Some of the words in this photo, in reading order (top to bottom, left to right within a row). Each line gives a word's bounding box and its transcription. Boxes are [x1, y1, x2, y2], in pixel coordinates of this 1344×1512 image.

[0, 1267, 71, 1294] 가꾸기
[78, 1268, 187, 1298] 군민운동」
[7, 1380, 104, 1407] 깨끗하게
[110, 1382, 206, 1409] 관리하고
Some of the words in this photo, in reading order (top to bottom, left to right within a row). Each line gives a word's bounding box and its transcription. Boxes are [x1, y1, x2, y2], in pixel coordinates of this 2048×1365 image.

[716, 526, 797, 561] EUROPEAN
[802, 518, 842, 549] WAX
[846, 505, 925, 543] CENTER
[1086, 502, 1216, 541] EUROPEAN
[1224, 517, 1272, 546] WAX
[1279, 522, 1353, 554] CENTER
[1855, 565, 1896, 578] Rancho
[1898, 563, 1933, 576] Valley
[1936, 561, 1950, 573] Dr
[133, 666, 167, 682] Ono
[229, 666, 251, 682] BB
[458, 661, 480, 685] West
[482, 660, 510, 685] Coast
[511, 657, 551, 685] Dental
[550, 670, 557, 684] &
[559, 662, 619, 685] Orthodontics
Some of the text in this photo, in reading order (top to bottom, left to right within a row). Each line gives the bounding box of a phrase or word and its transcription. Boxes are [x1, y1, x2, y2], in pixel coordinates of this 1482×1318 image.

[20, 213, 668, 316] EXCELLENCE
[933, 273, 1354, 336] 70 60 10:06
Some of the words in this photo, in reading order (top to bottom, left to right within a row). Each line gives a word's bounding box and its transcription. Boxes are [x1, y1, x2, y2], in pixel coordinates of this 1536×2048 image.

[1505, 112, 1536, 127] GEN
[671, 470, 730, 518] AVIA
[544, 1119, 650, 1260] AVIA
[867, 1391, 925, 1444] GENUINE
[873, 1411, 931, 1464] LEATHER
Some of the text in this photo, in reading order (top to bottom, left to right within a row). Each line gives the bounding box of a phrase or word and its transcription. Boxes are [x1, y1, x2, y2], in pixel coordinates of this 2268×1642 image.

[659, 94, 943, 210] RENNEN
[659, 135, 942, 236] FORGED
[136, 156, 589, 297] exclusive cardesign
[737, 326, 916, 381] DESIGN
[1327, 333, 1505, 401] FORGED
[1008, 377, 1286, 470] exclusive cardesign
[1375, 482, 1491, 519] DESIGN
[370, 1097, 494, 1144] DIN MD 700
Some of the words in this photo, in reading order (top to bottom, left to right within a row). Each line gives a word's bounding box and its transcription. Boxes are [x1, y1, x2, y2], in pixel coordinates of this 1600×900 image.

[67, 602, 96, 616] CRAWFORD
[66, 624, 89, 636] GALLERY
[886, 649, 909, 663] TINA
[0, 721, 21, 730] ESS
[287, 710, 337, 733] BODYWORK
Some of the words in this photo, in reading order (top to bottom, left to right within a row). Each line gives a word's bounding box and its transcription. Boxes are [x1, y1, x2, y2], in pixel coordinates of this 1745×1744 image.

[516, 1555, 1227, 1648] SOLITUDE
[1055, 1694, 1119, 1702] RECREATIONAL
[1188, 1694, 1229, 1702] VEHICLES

══════════════════════════════

→ **GOAL OF THE EXERCISE**
Copy the data exactly. Leave nothing out.

→ **RESULT FOR THIS TASK**
Some of the words in this photo, in reading order (top to bottom, left to right within a row). Each line gives a word's bounding box and its transcription. Boxes are [x1, y1, x2, y2], in pixel coordinates of this 1344×1512 image.

[0, 1267, 71, 1294] 가꾸기
[78, 1268, 187, 1298] 군민운동」
[7, 1380, 104, 1407] 깨끗하게
[110, 1382, 206, 1409] 관리하고
Some of the words in this photo, in reading order (top to bottom, left to right within a row). Each line gives a word's bounding box and its transcription. Boxes are [x1, y1, x2, y2], in pixel coordinates of this 2048×1365 image.

[716, 526, 797, 561] EUROPEAN
[802, 518, 842, 549] WAX
[846, 505, 925, 543] CENTER
[1086, 502, 1216, 541] EUROPEAN
[1224, 517, 1272, 546] WAX
[1279, 522, 1353, 554] CENTER
[1855, 565, 1896, 578] Rancho
[1898, 563, 1933, 576] Valley
[1936, 561, 1950, 573] Dr
[133, 666, 167, 682] Ono
[229, 666, 251, 682] BB
[458, 661, 480, 685] West
[482, 660, 510, 685] Coast
[511, 657, 551, 685] Dental
[550, 670, 557, 684] &
[559, 662, 619, 685] Orthodontics
Some of the text in this photo, in reading order (top to bottom, left to right within a row). Each line gives the bounding box of a phrase or word and its transcription. Boxes are [x1, y1, x2, y2], in pixel coordinates of this 1482×1318 image.

[20, 213, 668, 316] EXCELLENCE
[933, 273, 1354, 336] 70 60 10:06
Some of the words in this photo, in reading order (top to bottom, left to right within a row). Each line gives a word's bounding box and its transcription. Boxes are [x1, y1, x2, y2], in pixel coordinates of this 1536×2048 image.

[1505, 112, 1536, 127] GEN
[671, 470, 730, 518] AVIA
[544, 1119, 650, 1260] AVIA
[867, 1391, 925, 1444] GENUINE
[873, 1411, 931, 1464] LEATHER
Some of the text in this photo, in reading order (top to bottom, left to right within a row). Each line gives the bounding box of a phrase or word and its transcription. Boxes are [x1, y1, x2, y2], in pixel coordinates of this 2268×1642 image.

[659, 94, 943, 210] RENNEN
[659, 135, 942, 236] FORGED
[136, 156, 589, 297] exclusive cardesign
[737, 326, 916, 381] DESIGN
[1327, 333, 1505, 401] FORGED
[1008, 377, 1286, 470] exclusive cardesign
[1375, 482, 1491, 519] DESIGN
[370, 1097, 494, 1144] DIN MD 700
Some of the words in this photo, in reading order (top to bottom, left to right within a row). Each line gives a word's bounding box and its transcription. Boxes are [x1, y1, x2, y2], in pixel coordinates of this 1600×900 image.

[67, 602, 96, 616] CRAWFORD
[66, 624, 89, 636] GALLERY
[886, 649, 909, 663] TINA
[0, 721, 21, 730] ESS
[287, 710, 337, 733] BODYWORK
Some of the words in this photo, in reading order (top to bottom, left to right within a row). Each line gives a word's bounding box and its transcription. Boxes are [x1, y1, x2, y2], in pixel coordinates of this 1745×1744 image.

[516, 1555, 1227, 1648] SOLITUDE
[1055, 1694, 1119, 1702] RECREATIONAL
[1188, 1694, 1229, 1702] VEHICLES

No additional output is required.